• Directions for this task:
Copy the data below exactly. Any pictures in it should be omitted.

• Dataset entries:
···
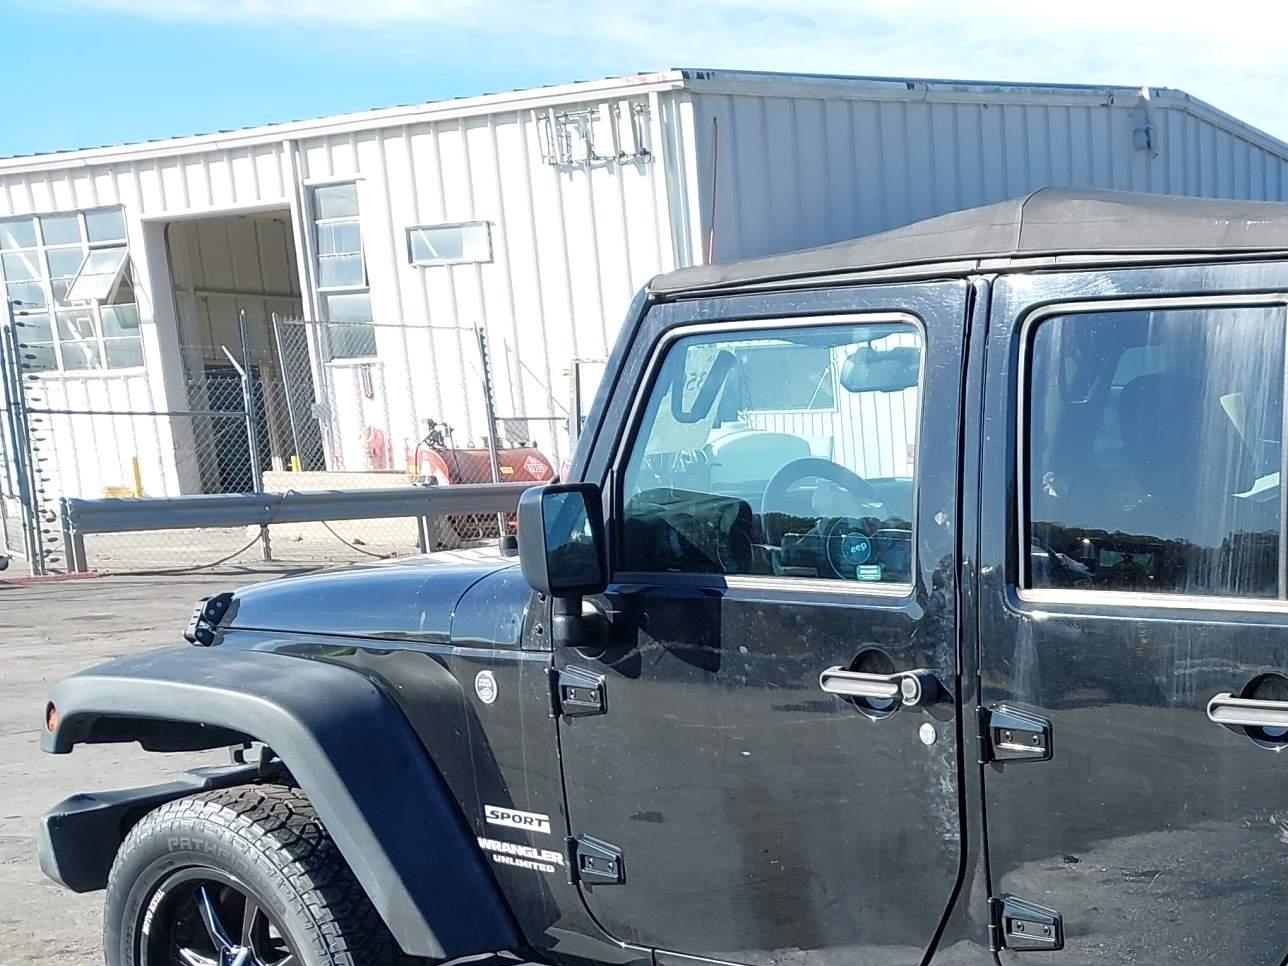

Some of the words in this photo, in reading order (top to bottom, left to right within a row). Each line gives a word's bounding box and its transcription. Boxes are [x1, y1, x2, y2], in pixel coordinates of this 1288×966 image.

[849, 542, 867, 553] eep
[486, 808, 549, 829] SPORT
[477, 837, 565, 866] WRANGLER
[493, 854, 555, 873] UNLIMITED
···
• Worked solution:
Some of the words in this photo, in reading order (top to bottom, left to right within a row). Each line gives a word's bounding box and its transcription. Boxes are [x1, y1, x2, y2], in pixel coordinates of this 1288×966 image.

[849, 542, 867, 553] eep
[486, 808, 549, 829] SPORT
[477, 837, 565, 866] WRANGLER
[493, 854, 555, 873] UNLIMITED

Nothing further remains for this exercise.